═══ Information supplied ═══
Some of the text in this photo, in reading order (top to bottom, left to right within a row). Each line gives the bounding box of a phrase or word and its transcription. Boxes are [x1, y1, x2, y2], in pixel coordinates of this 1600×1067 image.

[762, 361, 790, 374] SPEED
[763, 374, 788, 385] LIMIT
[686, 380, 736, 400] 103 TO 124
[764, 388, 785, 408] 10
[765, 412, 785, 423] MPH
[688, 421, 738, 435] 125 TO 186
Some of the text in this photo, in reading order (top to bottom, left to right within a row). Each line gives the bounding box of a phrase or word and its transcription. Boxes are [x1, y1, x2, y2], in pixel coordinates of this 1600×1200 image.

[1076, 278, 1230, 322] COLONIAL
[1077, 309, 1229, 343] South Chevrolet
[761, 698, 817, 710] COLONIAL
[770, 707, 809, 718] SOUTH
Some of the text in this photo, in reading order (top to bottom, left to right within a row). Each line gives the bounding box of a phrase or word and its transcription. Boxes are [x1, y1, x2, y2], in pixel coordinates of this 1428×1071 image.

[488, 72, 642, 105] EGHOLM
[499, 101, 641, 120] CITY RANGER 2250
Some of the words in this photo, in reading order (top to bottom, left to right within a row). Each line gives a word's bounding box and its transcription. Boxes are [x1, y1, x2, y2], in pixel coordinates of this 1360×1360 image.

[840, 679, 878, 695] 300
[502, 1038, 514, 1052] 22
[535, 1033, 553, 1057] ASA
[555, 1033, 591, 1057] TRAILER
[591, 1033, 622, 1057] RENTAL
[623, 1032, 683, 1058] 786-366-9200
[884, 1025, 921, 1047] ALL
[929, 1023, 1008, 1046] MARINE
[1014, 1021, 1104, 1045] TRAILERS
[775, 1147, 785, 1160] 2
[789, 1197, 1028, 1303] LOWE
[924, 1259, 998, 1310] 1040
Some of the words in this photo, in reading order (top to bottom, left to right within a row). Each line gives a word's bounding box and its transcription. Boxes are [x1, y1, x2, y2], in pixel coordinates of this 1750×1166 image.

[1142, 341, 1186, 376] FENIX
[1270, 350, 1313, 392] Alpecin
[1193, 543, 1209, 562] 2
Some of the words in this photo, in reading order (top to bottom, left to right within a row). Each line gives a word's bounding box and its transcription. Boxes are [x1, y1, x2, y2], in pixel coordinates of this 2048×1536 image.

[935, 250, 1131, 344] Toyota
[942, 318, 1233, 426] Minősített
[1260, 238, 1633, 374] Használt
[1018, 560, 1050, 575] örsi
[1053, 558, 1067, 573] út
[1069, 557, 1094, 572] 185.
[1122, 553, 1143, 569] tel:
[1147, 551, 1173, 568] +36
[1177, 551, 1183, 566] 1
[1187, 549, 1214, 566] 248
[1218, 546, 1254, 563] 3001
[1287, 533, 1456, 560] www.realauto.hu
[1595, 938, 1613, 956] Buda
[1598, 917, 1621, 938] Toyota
═══
Problem requirements:
A verbatim output of all the data above is needed.

Response area:
Some of the text in this photo, in reading order (top to bottom, left to right within a row). Each line gives the bounding box of a phrase or word and its transcription. Boxes are [x1, y1, x2, y2], in pixel coordinates of this 1600×1067 image.

[762, 361, 790, 374] SPEED
[763, 374, 788, 385] LIMIT
[686, 380, 736, 400] 103 TO 124
[764, 388, 785, 408] 10
[765, 412, 785, 423] MPH
[688, 421, 738, 435] 125 TO 186
Some of the text in this photo, in reading order (top to bottom, left to right within a row). Each line gives the bounding box of a phrase or word and its transcription. Boxes are [x1, y1, x2, y2], in pixel coordinates of this 1600×1200 image.

[1076, 278, 1230, 322] COLONIAL
[1077, 309, 1229, 343] South Chevrolet
[761, 698, 817, 710] COLONIAL
[770, 707, 809, 718] SOUTH
Some of the text in this photo, in reading order (top to bottom, left to right within a row). Each line gives the bounding box of a phrase or word and its transcription. Boxes are [x1, y1, x2, y2], in pixel coordinates of this 1428×1071 image.

[488, 72, 642, 105] EGHOLM
[499, 101, 641, 120] CITY RANGER 2250
Some of the words in this photo, in reading order (top to bottom, left to right within a row). Each line gives a word's bounding box and its transcription. Boxes are [x1, y1, x2, y2], in pixel coordinates of this 1360×1360 image.

[840, 679, 878, 695] 300
[502, 1038, 514, 1052] 22
[535, 1033, 553, 1057] ASA
[555, 1033, 591, 1057] TRAILER
[591, 1033, 622, 1057] RENTAL
[623, 1032, 683, 1058] 786-366-9200
[884, 1025, 921, 1047] ALL
[929, 1023, 1008, 1046] MARINE
[1014, 1021, 1104, 1045] TRAILERS
[775, 1147, 785, 1160] 2
[789, 1197, 1028, 1303] LOWE
[924, 1259, 998, 1310] 1040
Some of the words in this photo, in reading order (top to bottom, left to right within a row). Each line gives a word's bounding box and its transcription. Boxes are [x1, y1, x2, y2], in pixel coordinates of this 1750×1166 image.

[1142, 341, 1186, 376] FENIX
[1270, 350, 1313, 392] Alpecin
[1193, 543, 1209, 562] 2
Some of the words in this photo, in reading order (top to bottom, left to right within a row). Each line gives a word's bounding box and its transcription. Boxes are [x1, y1, x2, y2], in pixel coordinates of this 2048×1536 image.

[935, 250, 1131, 344] Toyota
[942, 318, 1233, 426] Minősített
[1260, 238, 1633, 374] Használt
[1018, 560, 1050, 575] örsi
[1053, 558, 1067, 573] út
[1069, 557, 1094, 572] 185.
[1122, 553, 1143, 569] tel:
[1147, 551, 1173, 568] +36
[1177, 551, 1183, 566] 1
[1187, 549, 1214, 566] 248
[1218, 546, 1254, 563] 3001
[1287, 533, 1456, 560] www.realauto.hu
[1595, 938, 1613, 956] Buda
[1598, 917, 1621, 938] Toyota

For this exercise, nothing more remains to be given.